I multiparroci sono sempre più numerosi. Al cremonese don Claudio Anselmi, 59 anni, vocazione adulta (entrò in seminario dopo la laurea in economia e commercio), di chiese ne sono toccate sei: quand'è venuto in zona, a Bozzolo sulla tomba di don Mazzolari, papa Francesco gli ha raccomandato di imparare i nomi di tutte le famiglie. Sei anche per don Luca Violoni, prevosto a San Giuliano Milanese, e sette per don Fabrizio Tessaro nel Bellunese, tra Lamon e Sovramonte. Altrettante a don Franz Josef Campidell in Alto Adige nelle zone vinicole tra Cortaccia e Termeno. Racconta il bergamasco don Primo Moioli, 44 anni, titolare di cinque parrocchie in Val Serina: «A Sovere quand'ero bambino avevamo il parroco, il viceparroco, le suore, i frati, il cappellano della casa di riposo e due sacerdoti in pensione. I preti andavano a caccia e coltivavano l'orto. Oggi i frati e le suore hanno chiuso, a gestire cinque parrocchie siamo io e un sacerdote settantenne per 3.000 abitanti che d'estate diventano 15-20mila. Altro che orto: si fatica a trovare la mezza giornata per il dentista».

Nella provincia di Bolzano il vescovo Ivo Muser ha esteso l'utilizzo del «responsabile parrocchiale», figura prevista dal Codice di diritto canonico. Un diacono o un laico, anche donne, che non celebra la messa e non confessa, ma fa tutto il resto: battezza, celebra matrimoni, dà la prima comunione o la porta ai malati, segue la formazione spirituale, insegna catechismo e amministra la parrocchia con il suo carico di registri, certificati, bilanci.
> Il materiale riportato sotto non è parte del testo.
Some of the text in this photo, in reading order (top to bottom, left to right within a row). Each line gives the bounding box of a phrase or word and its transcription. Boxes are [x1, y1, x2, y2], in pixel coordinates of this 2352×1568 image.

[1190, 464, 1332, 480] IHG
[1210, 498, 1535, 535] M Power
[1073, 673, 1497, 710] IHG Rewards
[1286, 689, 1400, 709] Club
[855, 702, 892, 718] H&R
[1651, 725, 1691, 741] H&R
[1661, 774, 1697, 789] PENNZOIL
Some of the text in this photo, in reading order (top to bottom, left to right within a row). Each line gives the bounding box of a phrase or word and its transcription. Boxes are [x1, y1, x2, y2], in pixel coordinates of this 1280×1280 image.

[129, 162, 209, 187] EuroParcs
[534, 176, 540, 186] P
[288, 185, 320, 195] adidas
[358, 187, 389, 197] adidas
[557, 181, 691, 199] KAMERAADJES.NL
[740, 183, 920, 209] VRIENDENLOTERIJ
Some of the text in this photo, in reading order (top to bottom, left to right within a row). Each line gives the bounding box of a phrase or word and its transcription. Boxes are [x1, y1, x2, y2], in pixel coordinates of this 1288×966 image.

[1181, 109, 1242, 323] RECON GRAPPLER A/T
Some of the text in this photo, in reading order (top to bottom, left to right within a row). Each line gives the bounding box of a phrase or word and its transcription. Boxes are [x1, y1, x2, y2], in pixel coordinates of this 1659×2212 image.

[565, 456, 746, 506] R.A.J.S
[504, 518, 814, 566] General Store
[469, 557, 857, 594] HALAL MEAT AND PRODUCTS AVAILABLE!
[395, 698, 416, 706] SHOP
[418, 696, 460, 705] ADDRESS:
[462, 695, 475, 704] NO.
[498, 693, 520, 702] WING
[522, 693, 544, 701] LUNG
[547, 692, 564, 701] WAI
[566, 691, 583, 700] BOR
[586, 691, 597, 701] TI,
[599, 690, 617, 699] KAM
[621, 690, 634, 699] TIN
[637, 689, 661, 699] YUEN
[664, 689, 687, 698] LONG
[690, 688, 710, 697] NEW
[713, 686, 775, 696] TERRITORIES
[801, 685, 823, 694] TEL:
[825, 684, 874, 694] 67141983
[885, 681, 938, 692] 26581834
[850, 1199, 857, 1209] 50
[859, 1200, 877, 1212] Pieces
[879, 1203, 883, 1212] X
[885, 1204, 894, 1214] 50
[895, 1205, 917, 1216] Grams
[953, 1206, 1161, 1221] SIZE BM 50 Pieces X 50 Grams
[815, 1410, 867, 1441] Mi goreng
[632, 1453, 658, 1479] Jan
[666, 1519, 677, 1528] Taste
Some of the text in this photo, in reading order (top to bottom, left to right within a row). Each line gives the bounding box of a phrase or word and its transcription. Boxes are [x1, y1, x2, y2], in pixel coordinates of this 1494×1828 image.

Viene nominato dal vescovo su proposta del consiglio pastorale e ha diritto a un compenso.

In Alto Adige, da Vipiteno alla Val Venosta, sono 27 le parrocchie senza parroco affidate da qualche mese ai laici. La messa si celebra ogni 15 giorni. In diocesi i sacerdoti sono 177 per 281 parrocchie e in un breve arco di tempo l'anzianità di molti e il mancato ricambio (i seminaristi sono soltanto 3) li ridurrà a una cinquantina. In prospettiva, spiega Reinhard Demetz, direttore dell'Ufficio pastorale diocesano, ogni parroco dovrà gestire direttamente una sola parrocchia, mentre nelle altre saranno nominati responsabili laici e il prete sarà semplicemente un collaboratore. Nella diocesi di Vittorio Veneto (Treviso) Elio Cao, diacono permanente, è stato nominato amministratore parrocchiale di Corbanese e Arfanta e monsignor Adriano Sant, direttore dell'ufficio amministrativo diocesano, è suo collaboratore. Un monsignore subordinato a un laico. In quella diocesi oltre metà delle 162 parrocchie non hanno un parroco residente. E siamo in Veneto, un tempo la sacrestia d'Italia.

Largo ai laici

Il coinvolgimento dei laici è una strada seguita in molti Paesi d'Europa. In Portogallo, per esempio, Paese di antica tradizione cattolica, i pluriparroci hanno garantito il «servizio domenicale in assenza del prete» raccogliendo volontari tra 24 e 65 anni che nelle feste guidano la preghiera e i canti. Pratiche da terre di missione, frequenti anche in Svizzera, Olanda, Francia, Canada e Stati Uniti. In Germania è stata avviata la formazione di laici dalla provata esperienza umana e spirituale per accompagnare le famiglie nel momento del lutto. È la sussidiarietà applicata alla gerarchia cattolica: i preti amministrano i sacramenti, tutto il resto ricade sulla base.

Clericalizzazione

I vescovi italiani hanno scelto di non «clericalizzare» troppo i laici ma di redistribuire i preti. Nel 2003 l'assemblea generale della Cei nel documento Il volto missionario della parrocchia ha proposto il modello delle cosiddette unità pastorali, cioè accorpamenti di parrocchie affidate a un «pool» di preti. Il cardinale Carlo Maria Martini a Milano ne era stato antesignano a fine Anni 90. La riorganizzazione cerca di non disperdere la presenza territoriale della Chiesa e quei riferimenti che molti ancora chiedono. «Siamo chiamati a ristrutturare una casa antica e ormai invecchiata, non per rimettere in valore il suo pregio di antichità (la tradizione), ma per renderla abitabile per gli inquilini di oggi»: così scrive monsignor Nunzio Galantino, segretario della Cei, nella prefazione di un libro da poco uscito in Italia, Divino rinnovamento, del sacerdote canadese James Mallon.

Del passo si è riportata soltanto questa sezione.